La maduración pulmonar se reconoce de la 5-16 semanas, su periodo es seudoglandular que

la ramificación continúa y se forman los bronquiolos terminales. Aquí no existen los

bronquiolos respiratorios o alveolos. De la 16-26 semanas, es el periodo canalicular que cada

bronquiolo terminal se parte en dos o más bronquiolos respiratorios, que a su vez se divide

para formar entre tres y seis conductos alveolares.

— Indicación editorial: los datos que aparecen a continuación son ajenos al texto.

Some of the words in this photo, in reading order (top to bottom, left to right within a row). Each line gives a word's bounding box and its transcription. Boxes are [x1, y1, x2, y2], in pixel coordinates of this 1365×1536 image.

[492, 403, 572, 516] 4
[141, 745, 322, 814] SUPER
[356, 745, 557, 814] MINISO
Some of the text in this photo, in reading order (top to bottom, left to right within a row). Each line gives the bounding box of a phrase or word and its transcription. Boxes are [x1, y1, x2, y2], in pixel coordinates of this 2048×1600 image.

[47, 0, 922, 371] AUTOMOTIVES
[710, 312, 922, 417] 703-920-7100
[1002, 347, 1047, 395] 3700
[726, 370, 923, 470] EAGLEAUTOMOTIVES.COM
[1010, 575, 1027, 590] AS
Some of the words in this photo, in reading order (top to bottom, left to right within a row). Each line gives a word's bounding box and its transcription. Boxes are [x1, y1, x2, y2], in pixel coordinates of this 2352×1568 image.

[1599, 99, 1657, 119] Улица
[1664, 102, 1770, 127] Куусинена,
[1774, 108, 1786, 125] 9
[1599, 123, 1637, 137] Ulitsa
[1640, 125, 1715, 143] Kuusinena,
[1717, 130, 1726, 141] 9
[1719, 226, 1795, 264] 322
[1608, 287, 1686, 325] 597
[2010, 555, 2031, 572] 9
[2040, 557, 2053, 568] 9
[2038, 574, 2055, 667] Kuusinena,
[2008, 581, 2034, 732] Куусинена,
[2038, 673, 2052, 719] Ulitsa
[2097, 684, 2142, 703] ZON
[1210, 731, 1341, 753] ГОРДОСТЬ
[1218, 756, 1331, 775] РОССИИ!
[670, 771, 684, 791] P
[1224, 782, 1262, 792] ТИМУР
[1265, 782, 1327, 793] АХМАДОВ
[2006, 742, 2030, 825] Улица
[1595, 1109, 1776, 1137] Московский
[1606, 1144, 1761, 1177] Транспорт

¿QUÉ OCURRE EN LA SEMANA 26?

En la semana 26 al nacimiento el periodo de sacos terminales, Se forman los alveolos

primitivos, y los capilares establecen un contacto estrecho con ellos. En el 7mo mes es posible

el intercambio de gases entre la sangre y el aire en los alveolos primitivos. Antes del

nacimiento los pulmones están ocupados por un fluido con proteínas escasas, cierta cantidad

de moco y surfactante, que es sintetizado por las células epiteliales alveolares (neumocitos)
tipo II, y que constituye una capa de fosfolípidos que cubre las membranas alveolares, y en

los 8 meses de gestación hasta la niñez viene siendo el periodo alveolar que los alveolos

maduros tienen un contacto epitelio endotelial bien desarrollado.

¿QUÉ PASA CUANDO INICIA LA RESPIRACIÓN?

Al iniciar la respiración, el líquido pulmonar se absorbe, así la capa de surfactante impide el

colapso de los alveolos durante la espiración al disminuir la tensión superficial en la interfase

aire-sangre capilar. La ausencia de surfactante o su volumen escaso en el neonato prematuro

desencadenan síndrome de dificultad respiratoria (SDR) debido al colapso de los alveolos

primitivos (enfermedad de la membrana hialina). El surfactante es en particular importante

para la sobrevivencia del neonato prematuro.

La división anómala del árbol bronquial es más común en ocasiones da origen a lóbulos

supernumerarios. Estas variaciones en el árbol bronquial tienen poca relevancia funcional,

pero pueden inducir dificultades inesperadas durante la broncoscopia. Estos quistes pueden

ser pequeños y múltiples y conferir al pulmón un aspecto radiológico en panal, o bien pueden

limitarse a una o más lesiones grandes. Las estructuras quísticas del pulmón suelen drenar en

forma deficiente y con frecuencia desencadenan infecciones crónicas. El crecimiento de los

pulmones tras el nacimiento se debe principalmente al aumento del número de bronquiolos

respiratorios y alveolos, y no al incremento del tamaño de los alveolos. Se forman alveolos

nuevos durante los primeros 10 años de la vida posnatal.


ORGANOGÉNESIS

Es el conjunto de cambios que permiten que las capas embrionarias se transformen en los

diferentes órganos que conforman un organismo. Esta se inicia la tercera semana de

gestación, extendiéndose hasta la octava semana de gestación. Aunque la mayor parte de los

órganos están formados hasta ese momento, aún requieren crecer un poco más. En esta etapa,

primero se produce el paso de embrión bilaminar a trilaminar (gastrulación); dando lugar al

ectodermo, el mesodermo y el endodermo embrionario.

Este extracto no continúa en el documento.